Monday, February 21, 2011

Links to rhetorical artifacts for essays

As you begin thinking about your essays you'll want to quickly select a rhetorical artifact for contextual analysis.  I strongly encourage you to read over the directions again, but I've excerpted a small section here: "Identify a rhetorical artifact (or a closely aligned set of artifacts) that is interesting or complex.  This may be a speech, essay, ad campaign, website, building, art installation, memorial—you name it."  (Note that you should not just  re-analyze the same ad you're using in the speech.  If you broaden it out to an entire ad campaign, that would be acceptable--so there'd be some conceptual overlap--but it might be fun to pick something entirely new.)


Speeches make great fodder for rhetorical analysis, so I'm linking to a couple of really good sources for speech texts, audio, or video.
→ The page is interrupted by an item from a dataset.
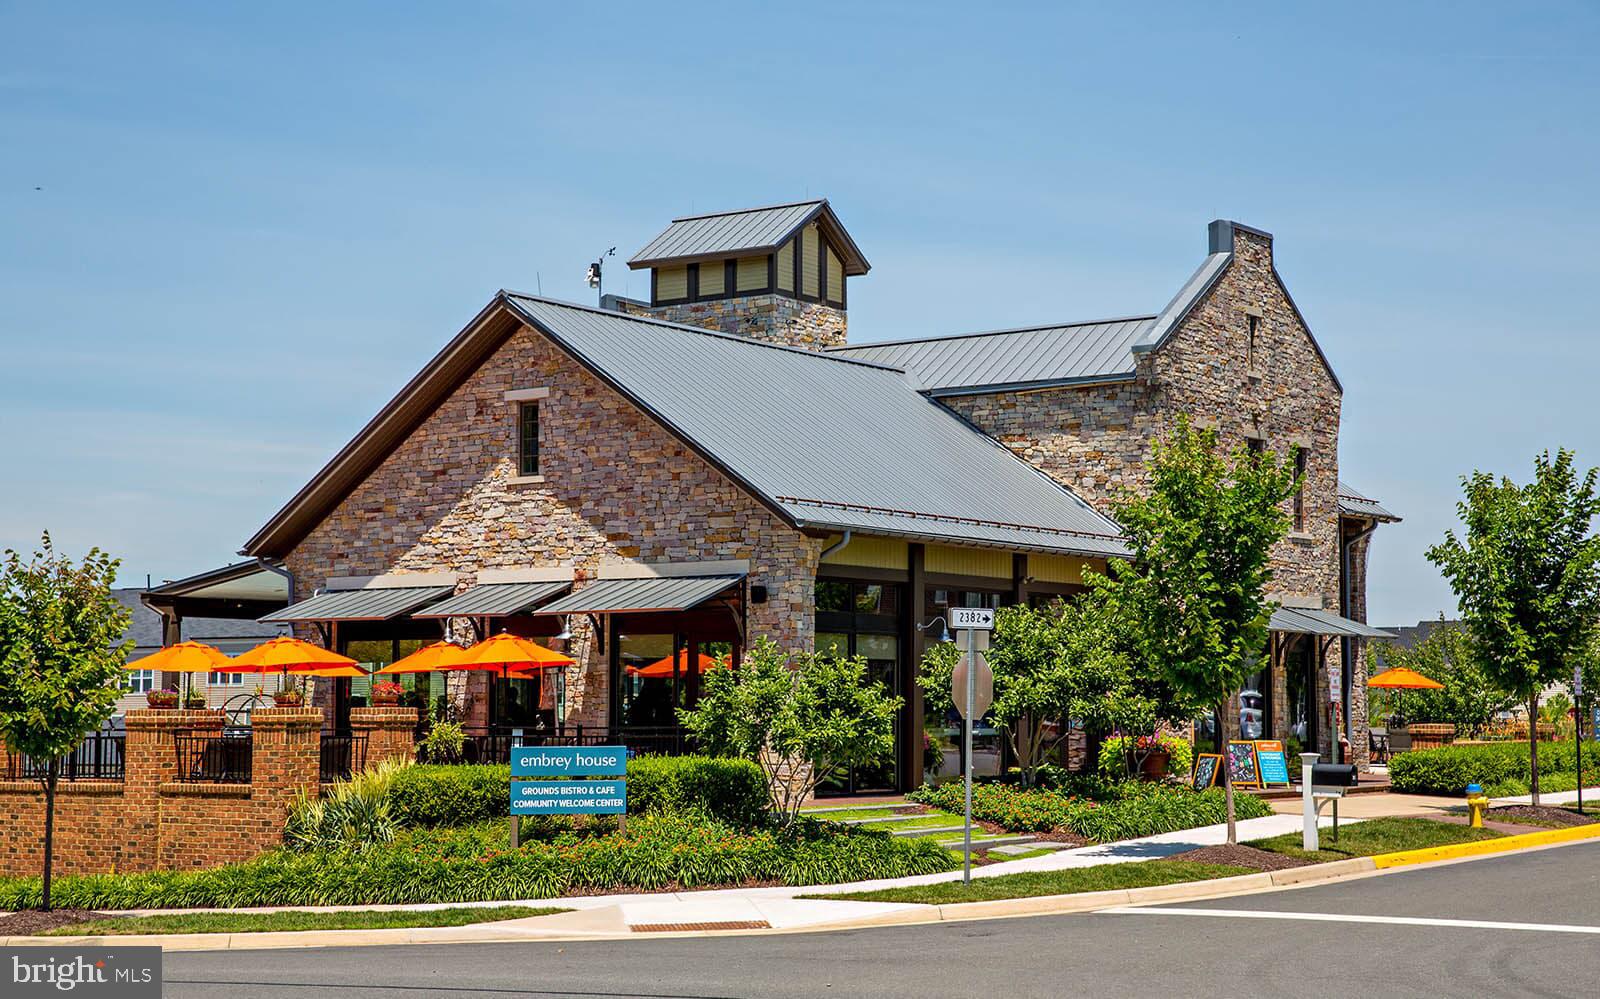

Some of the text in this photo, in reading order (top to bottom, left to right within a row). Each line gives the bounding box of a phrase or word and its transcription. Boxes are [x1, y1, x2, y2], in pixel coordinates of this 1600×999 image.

American Rhetoric - Definitive source for the most significant American speeches.  Start with the links at left, or search for something specific.
Famous Speeches - History Channel's speech archive includes presidential, war, civil rights, sports, and space exploration speeches.
Gifts of Speech - Women's speeches from around the world.


If you do elect to analyze a speech, I recommend avoiding speeches from movies.  The artificial nature of the rhetorical situation as constructed within the film will hinder the scope of your analysis.